Greta Crumb

Cabaret singer, author, activist, Greta Crumb died at her home on Wednesday. She was 92.

Born Hansen Crumb, he spent his childhood backstage at the Ziegfeld Follies where his mother was a dancer and later a choreographer. At a young age, he decided he wanted to be a Ziegfeld Girl himself one day. He became assistant choreographer in his teens.

He was 21 when the Follies closed and he was, in his own words, “tossed out of the cloistered world of the Follies and into the real world where there was little tolerance for a man in a dress, even a gorgeous man in a dress, which I certainly was.”  He decided to live his life as Greta and gained some notoriety as a cabaret singer. At the outbreak of WWII, almost nobody knew Greta Crumb had been born a man or who Hansen Crumb was. But it was Hansen, not Greta, who was drafted. Hansen was rejected for service due to “homosexual proclivities.”

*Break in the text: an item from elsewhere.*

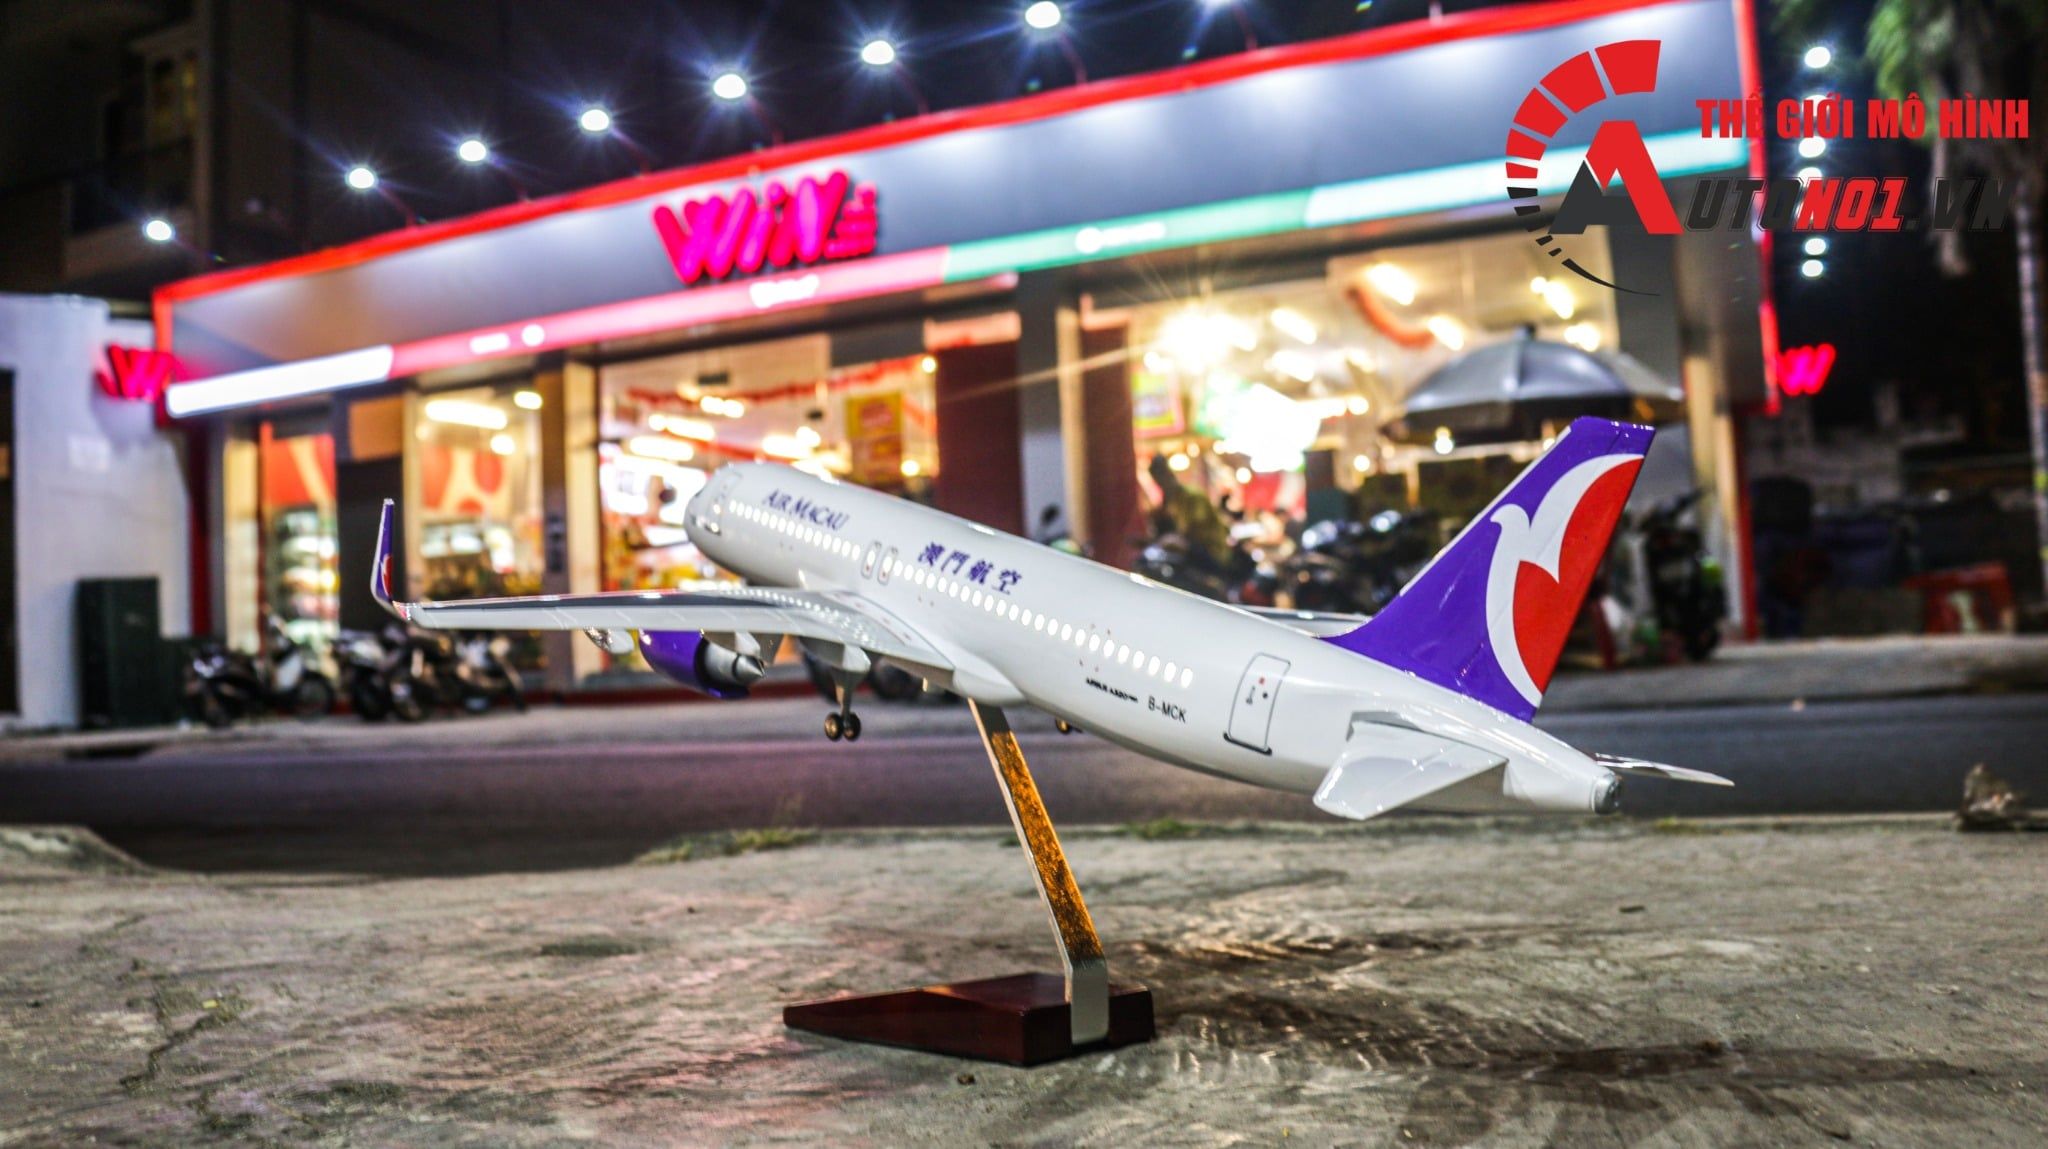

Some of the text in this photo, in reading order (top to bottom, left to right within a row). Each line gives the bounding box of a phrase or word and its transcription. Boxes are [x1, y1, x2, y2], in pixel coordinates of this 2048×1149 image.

[917, 541, 1022, 595] 澳門航空
[1147, 695, 1186, 723] B-MCK
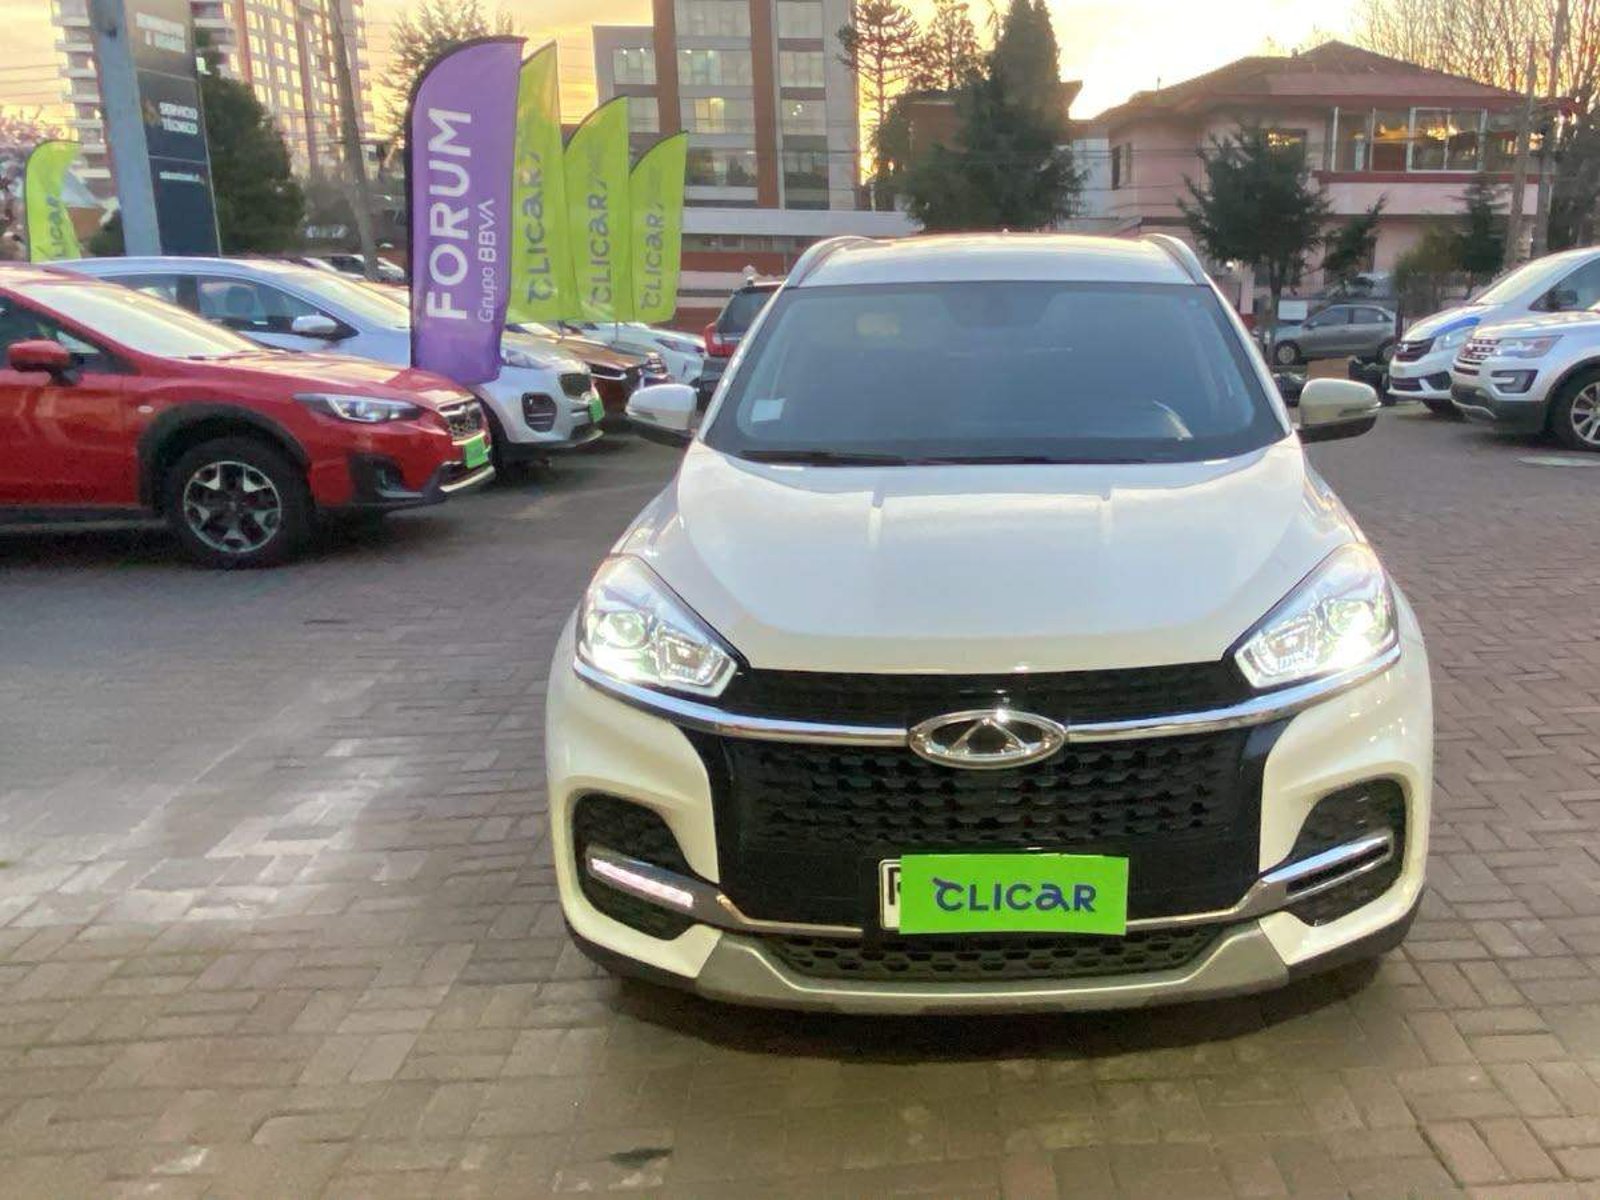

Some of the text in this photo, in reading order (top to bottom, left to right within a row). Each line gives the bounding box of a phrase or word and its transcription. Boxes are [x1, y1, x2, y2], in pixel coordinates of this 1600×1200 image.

“I explained that I wasn’t a homosexual,” Greta wrote in her 1969 memoir, “but they couldn’t see past the high heels.” Crumb lived as Hansen during the war, serving as a Red Cross ambulance driver. For more than a decade following the war, Greta writes, she was “lost in the wilderness, sometimes living as a man, sometimes as a woman.” In 1957, Greta decided she would not only live the rest of her life as a woman, but would fight for the freedom to do so. Her memoir, People in Candy Houses, was an underground success and received enough mainstream attention that she became a regular talk show guest, though she refused to play the role of an oddity. “If my talent and charm wasn’t enough to get me booked I didn’t want anything to do with it.”

Greta is survived by her wife of 40 years, Iona Crumb, 81.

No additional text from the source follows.